Exercise directions
Nothing but a number is needed: the count of lines below that include "BOTTLES".

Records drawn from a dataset

────────────────────

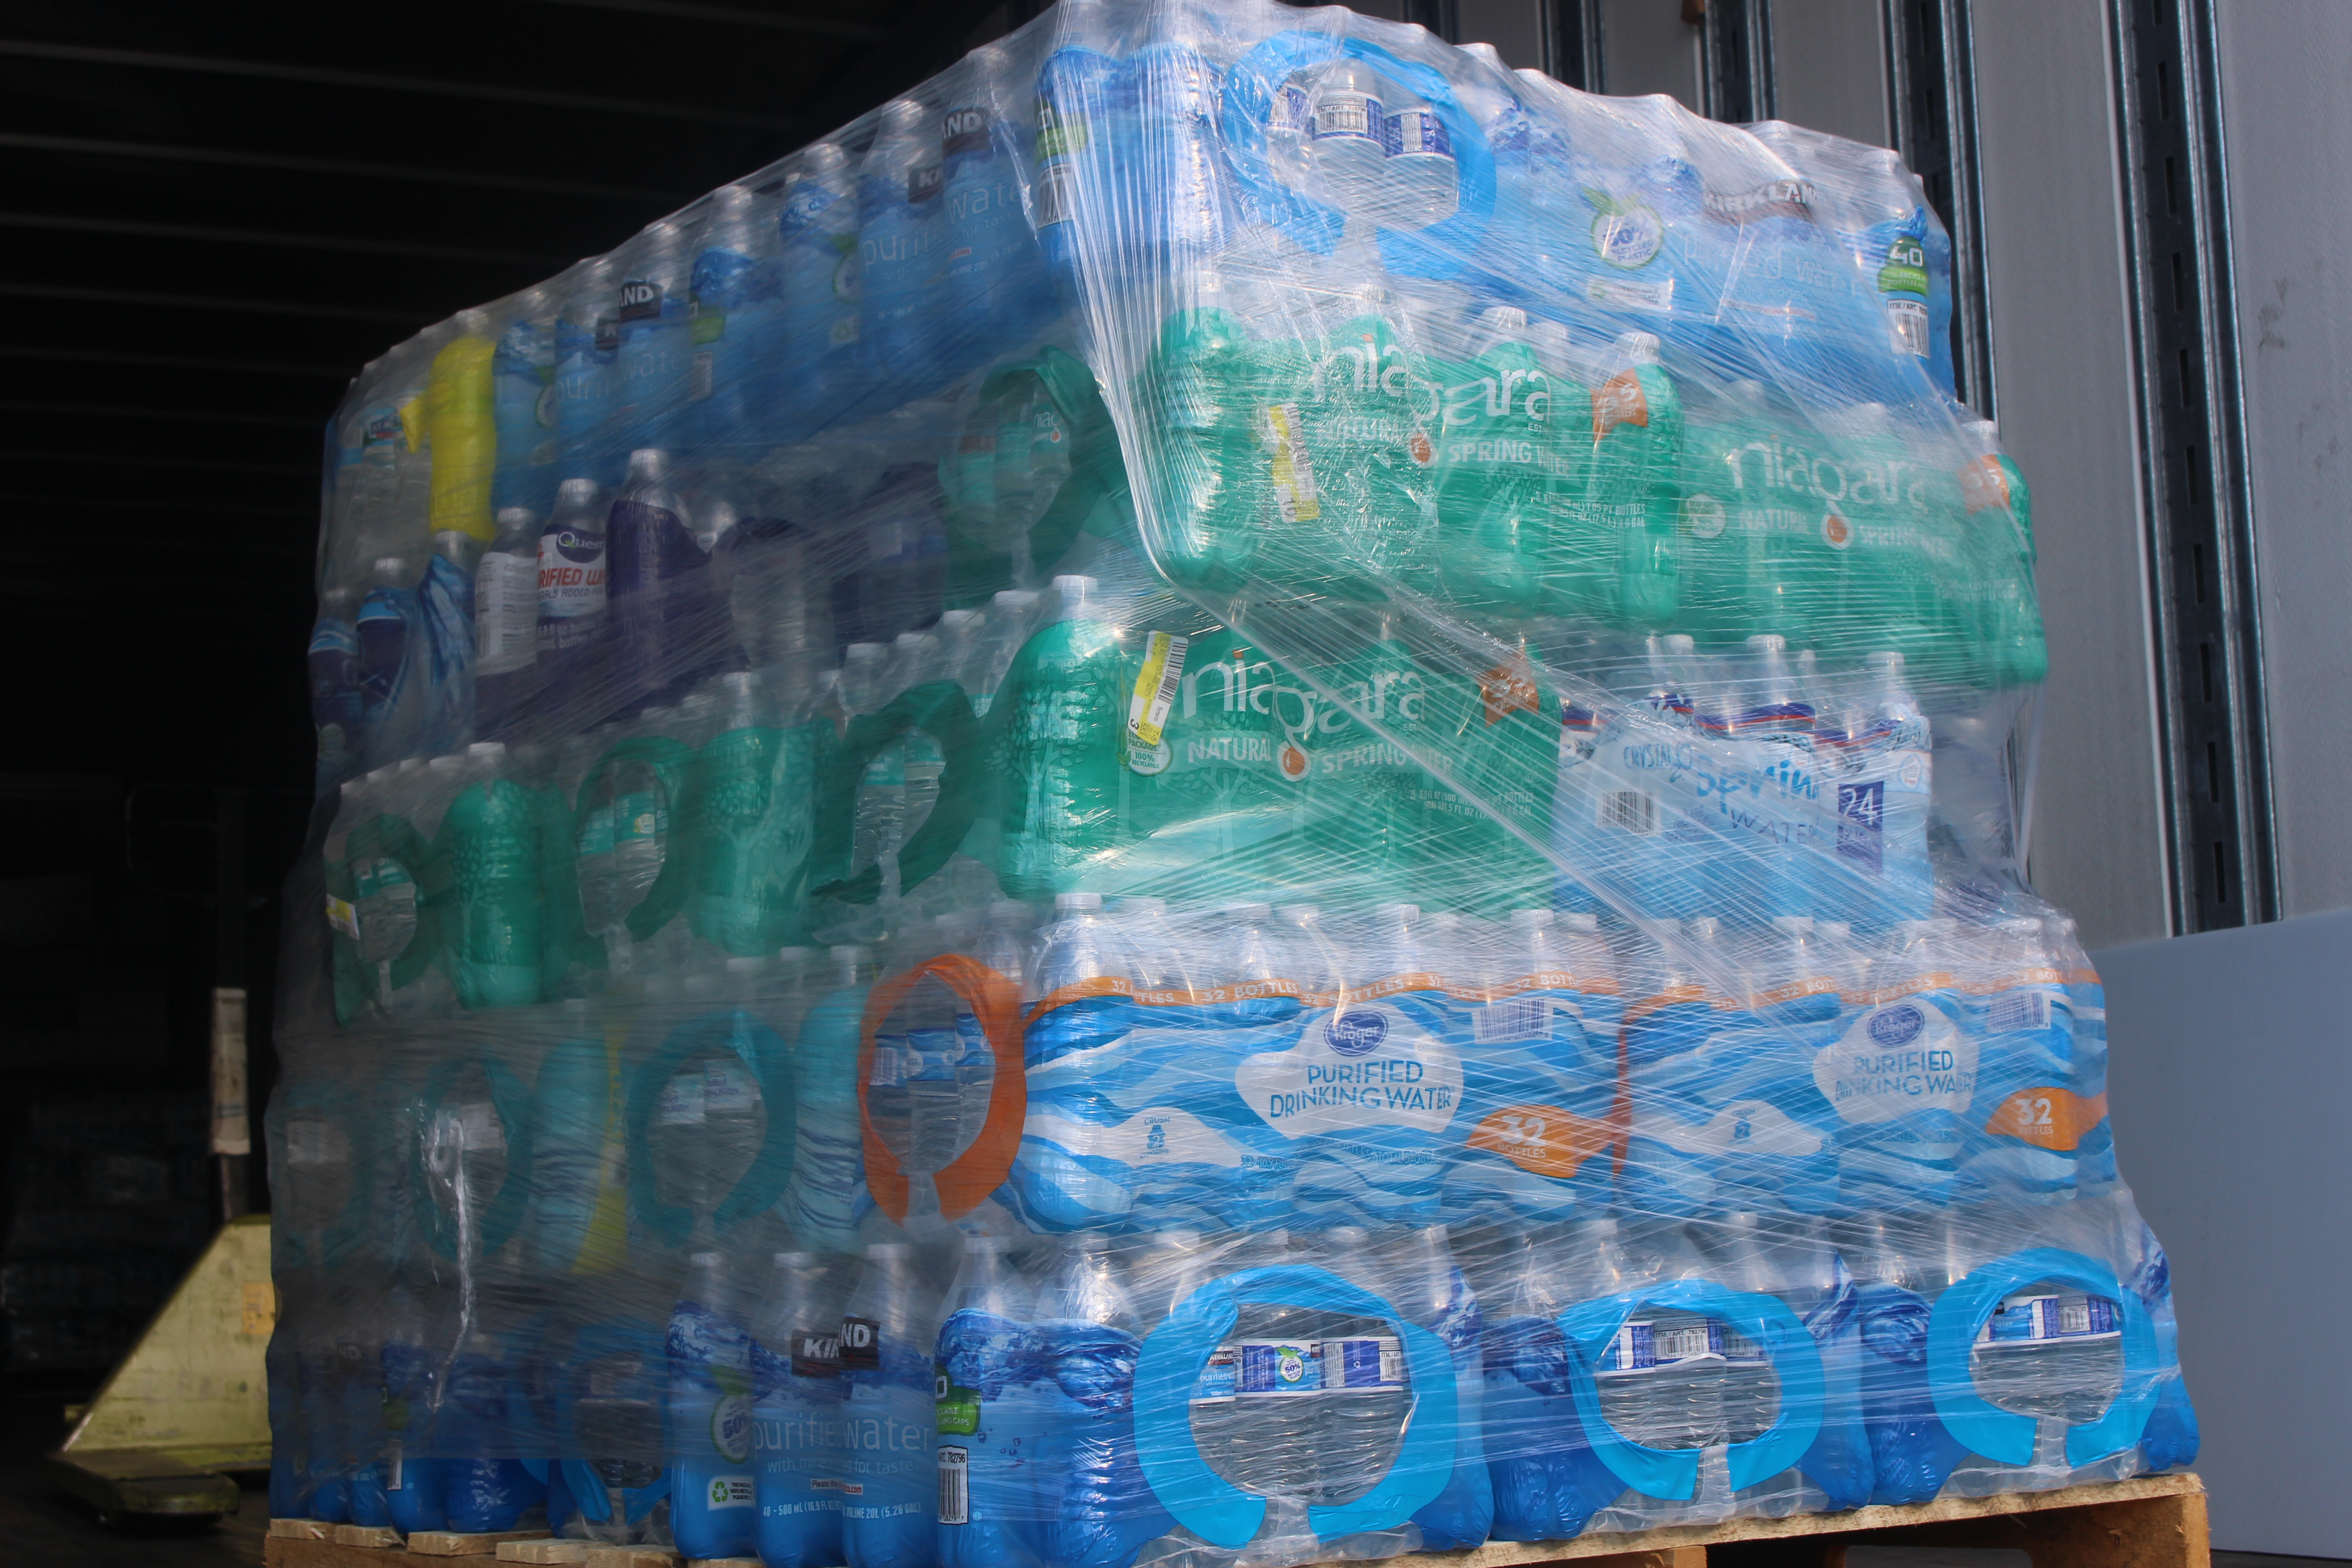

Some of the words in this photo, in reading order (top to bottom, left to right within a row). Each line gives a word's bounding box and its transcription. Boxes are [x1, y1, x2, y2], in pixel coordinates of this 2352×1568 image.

[1890, 245, 1923, 267] 40
[1906, 304, 1916, 312] ART.
[1449, 440, 1532, 465] SPRING
[1603, 504, 1613, 514] PT
[1615, 503, 1646, 516] BOTTLES
[1631, 516, 1645, 528] GAL
[561, 588, 590, 598] ADDED
[1154, 706, 1163, 721] Sysco
[1182, 650, 1426, 768] niagara
[1130, 718, 1140, 730] 3
[1128, 738, 1158, 751] PACKAGE
[1132, 759, 1160, 769] RECYCLABLE
[1135, 751, 1155, 763] 100%
[1322, 742, 1407, 773] SPRING
[1696, 754, 1820, 815] Sprin
[1428, 789, 1434, 799] FL
[1434, 790, 1441, 800] OZ
[1441, 791, 1456, 803] (500
[1504, 791, 1534, 804] BOTTLES
[1424, 800, 1438, 810] TOTAL
[1438, 802, 1453, 813] 591.5
[1454, 805, 1463, 815] FL
[1464, 808, 1474, 818] OZ
[1842, 787, 1878, 826] 24
[1112, 980, 1126, 992] 32
[1203, 990, 1225, 1002] 32
[1234, 981, 1298, 998] BOTTLES
[1428, 975, 1441, 987] 32
[1855, 1050, 1954, 1074] PURIFIED
[1308, 1060, 1424, 1084] PURIFIED
[1270, 1086, 1381, 1118] DRINKING
[1384, 1086, 1452, 1111] WATER
[2014, 1098, 2052, 1126] 32
[1144, 1116, 1171, 1125] CRUSH
[1499, 1116, 1546, 1147] 32
[1140, 1148, 1170, 1159] CONSERVE
[1497, 1143, 1546, 1158] BOTTLES
[1241, 1156, 1253, 1167] 32
[1284, 1362, 1301, 1373] 50%
[1200, 1372, 1229, 1383] purified
[953, 1417, 970, 1426] CAPS
[845, 1416, 930, 1452] water
[947, 1452, 965, 1463] 782796
[767, 1457, 795, 1474] with
[855, 1457, 870, 1474] for
[876, 1458, 914, 1475] taste
[811, 1479, 829, 1489] Please
[762, 1505, 771, 1518] 40
[778, 1504, 793, 1516] 500
[821, 1500, 828, 1511] FL
[866, 1507, 880, 1519] 20L
[881, 1504, 903, 1519] (5.28
[904, 1502, 921, 1514] GAL)
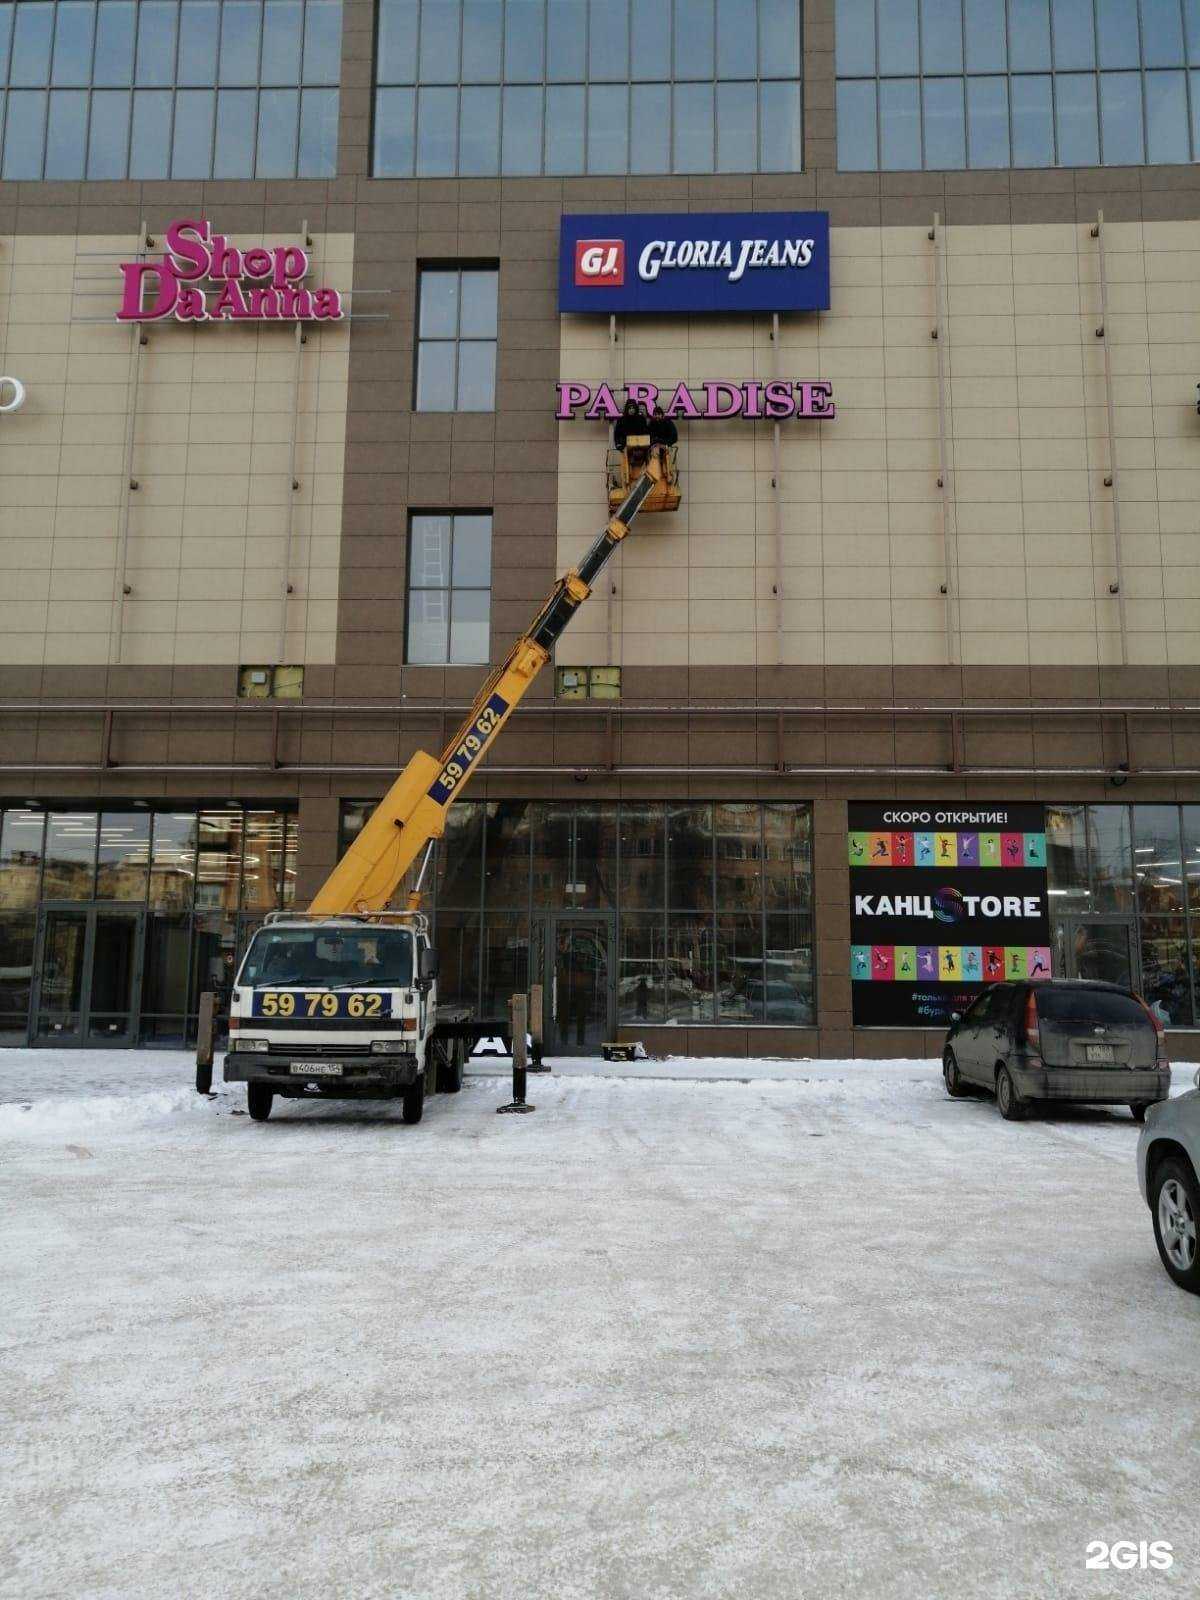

────────────────────

Completed task
4